When James C. Hormel was growing up in southern Minnesota, his teachers deemed his left-handedness morally repugnant and repeatedly forced a pen into his right hand.

“Sinister is the Latin word for ‘left,’” explains the former U.S. ambassador to Luxembourg and heir to the Hormel Foods empire (the company that brought Spam to the masses) on the phone from New York City. “There’s an interesting simile between [being left-handed] and being gay.”

After leaving Austin in his teens, Hormel, now 79, became a husband and father—but that was only the beginning of his story. In his memoir, Fit to Serve (Skyhorse, 2011), he recounts growing up gay in small-town Minnesota, as well as becoming the first openly gay U.S. ambassador, a GLBT-equality activist and a peer of Harvey Milk. Hormel also chronicles the shame he felt hiding his true identity for so many years, offering a reflection on the gay-rights movement from someone who was in the trenches—both publicly and privately.

“In Austin, I knew two people who were ‘marked’ because of their extraordinarily flamboyant behavior,” he writes in the book. “If that was what gay was, I didn’t want any part of it. I didn’t identify with either of those men, and I certainly didn’t want to be ostracized the way they were.”
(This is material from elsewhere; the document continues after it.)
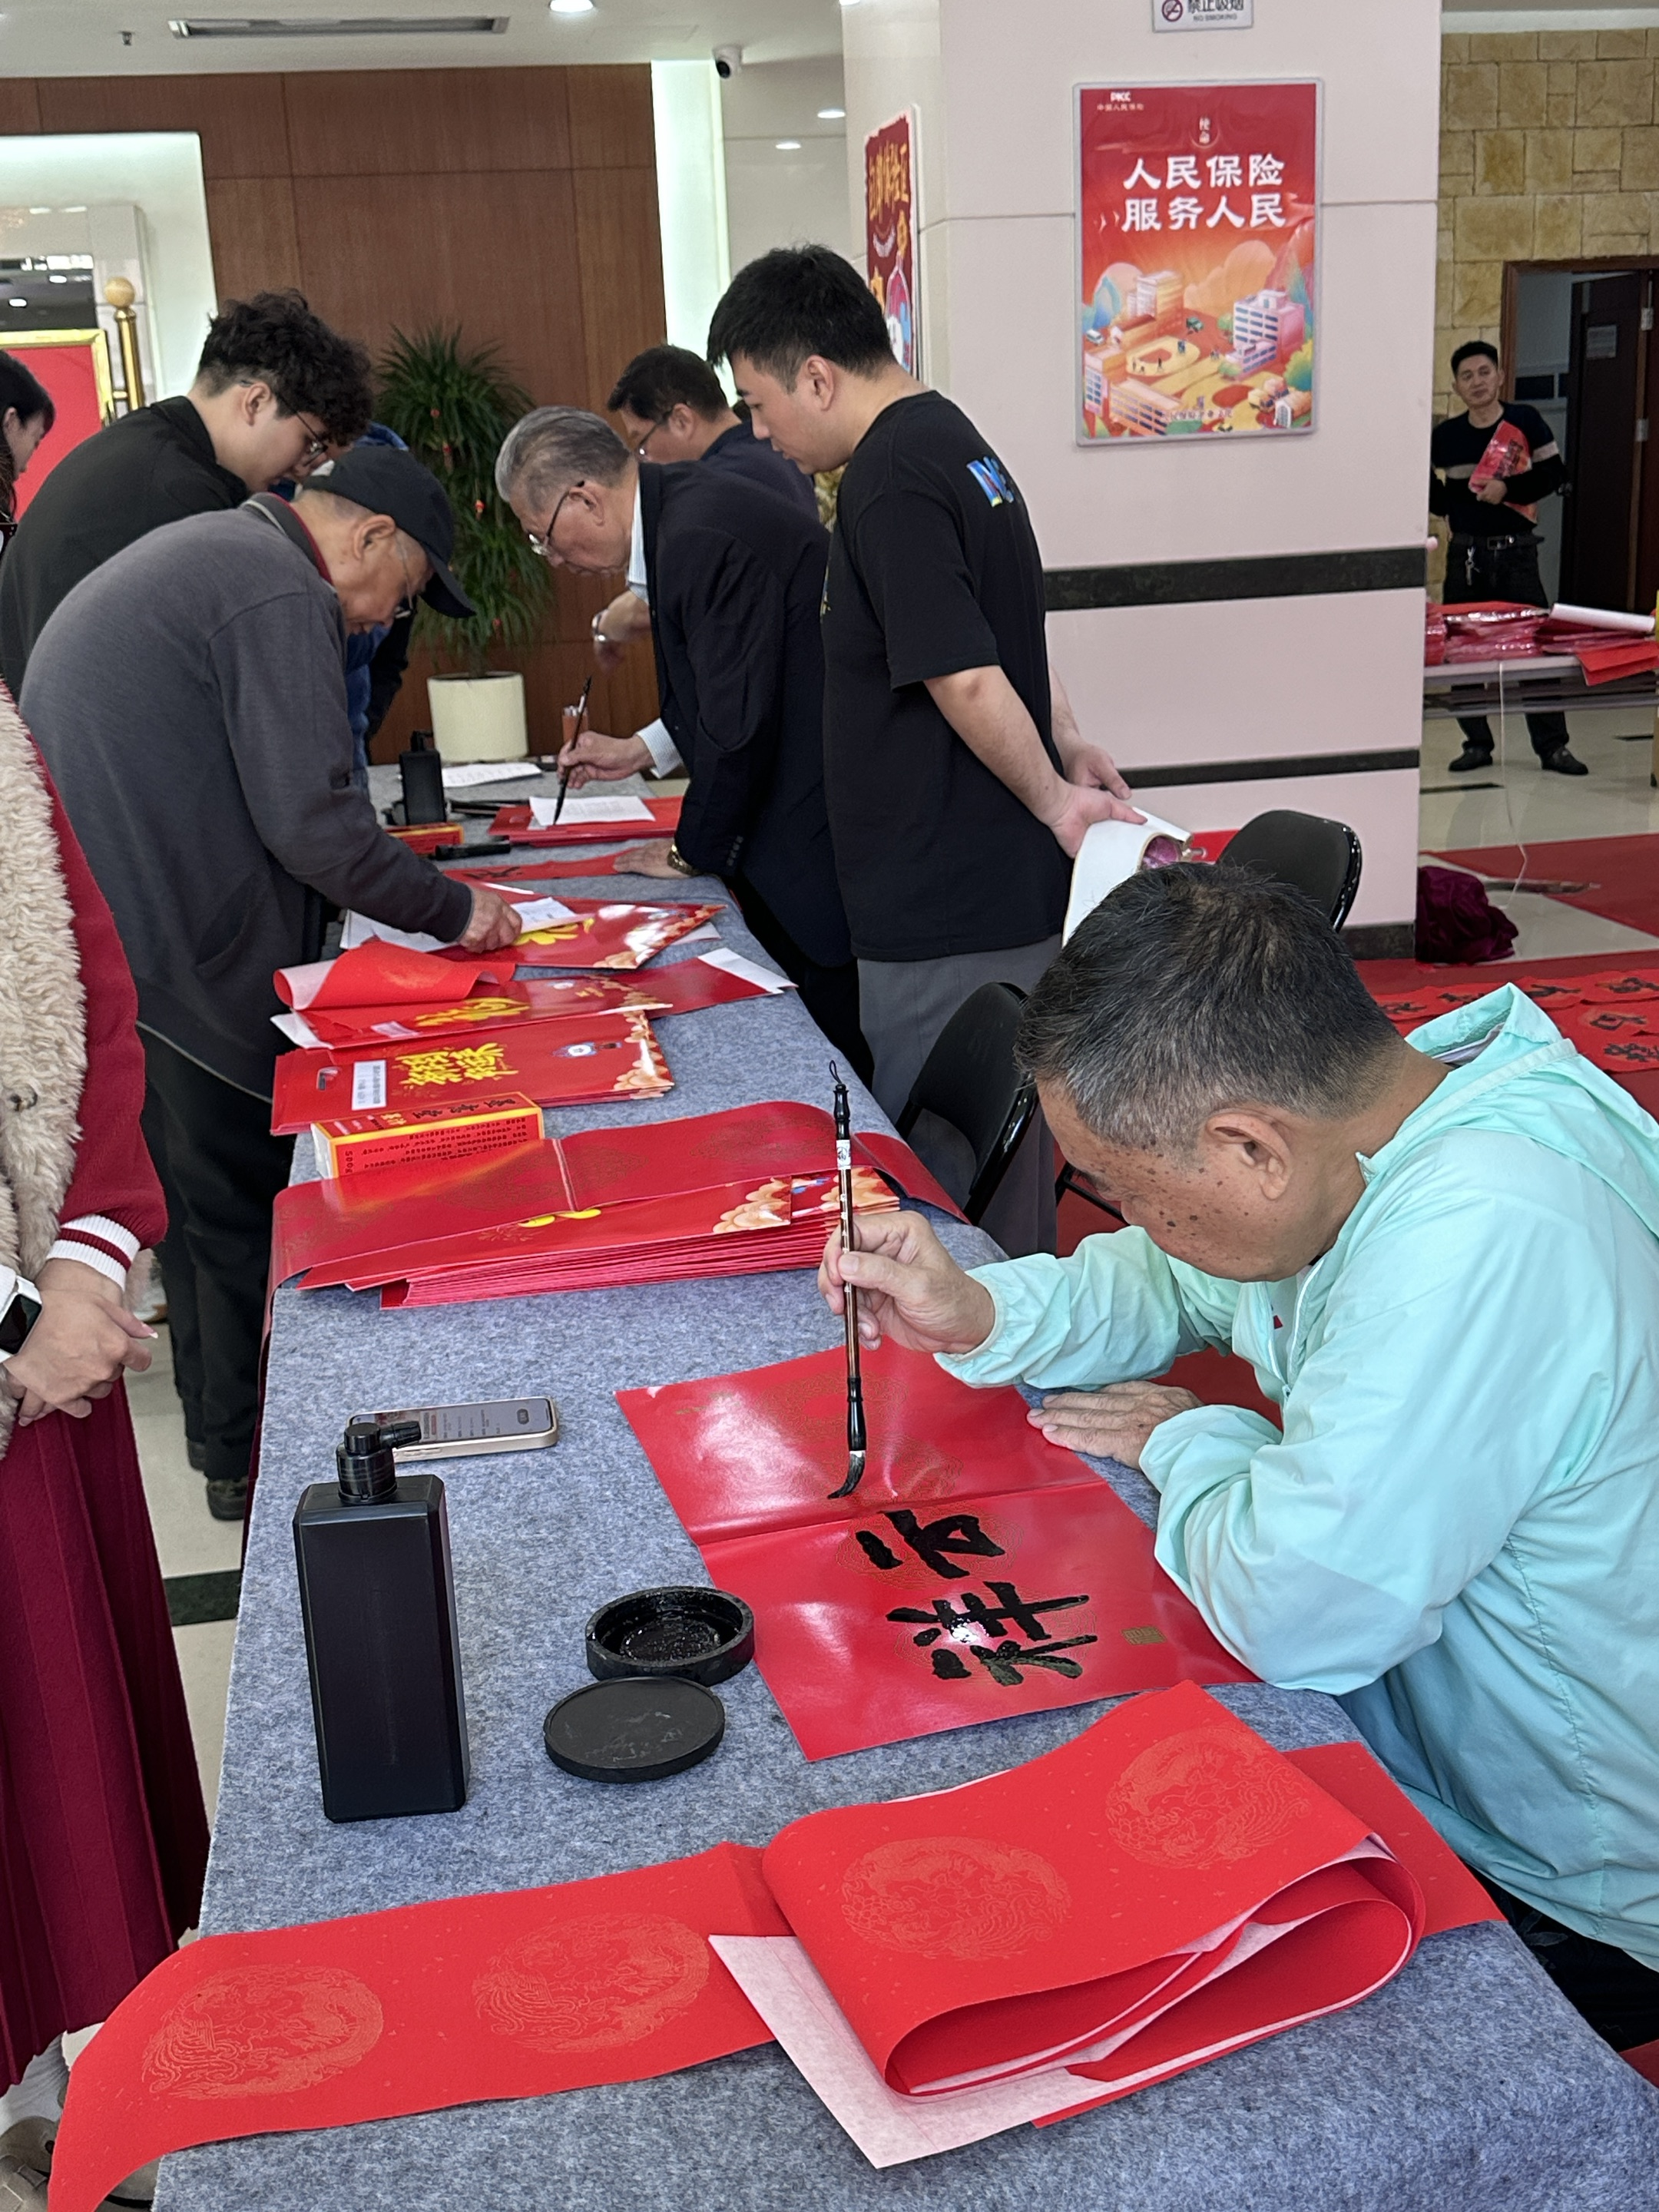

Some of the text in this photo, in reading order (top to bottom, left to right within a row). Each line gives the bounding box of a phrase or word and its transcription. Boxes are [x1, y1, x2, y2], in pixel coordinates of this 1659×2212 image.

Hormel’s coming-out process was gradual; by the time he was living openly as a gay man he had already been married and divorced, and had five children. His wife left him in 1965, seemingly unaware of his homosexuality until after they split. She and their kids now number among his biggest supporters, but Hormel says that his family took a backseat while he cultivated his leadership in the realm of GLBT-equality issues. During that whirlwind period, he was on the United Nations’ American delegation to the Human Rights Commission, funded the James C. Hormel Gay and Lesbian Center in his adopted city of San Francisco and in 2010 was given a lifetime achievement award by San Francisco Pride.

“I was confused and torn between my role as a father and my desire to explore,” Hormel writes. “My agenda did not always include being a parent. I don’t know whether I could've been a good father then; I was trying to survive and make some sense of my own life.”

Despite breaking the government’s “pink ceiling” upon his 1999 ambassador appointment by President Bill Clinton (a nomination fought tooth and nail by members of the Religious Right, who accused Hormel of being anti-Catholic and pro-pornography), he acknowledges there is more to be done, and says the book serves as “an opportunity to express my concerns.”

“It would be very nice if we came to a point where our disagreements were civil...and [we would] recognize there is more commonality than differences,” he adds. “I would love to have it happen in my time.”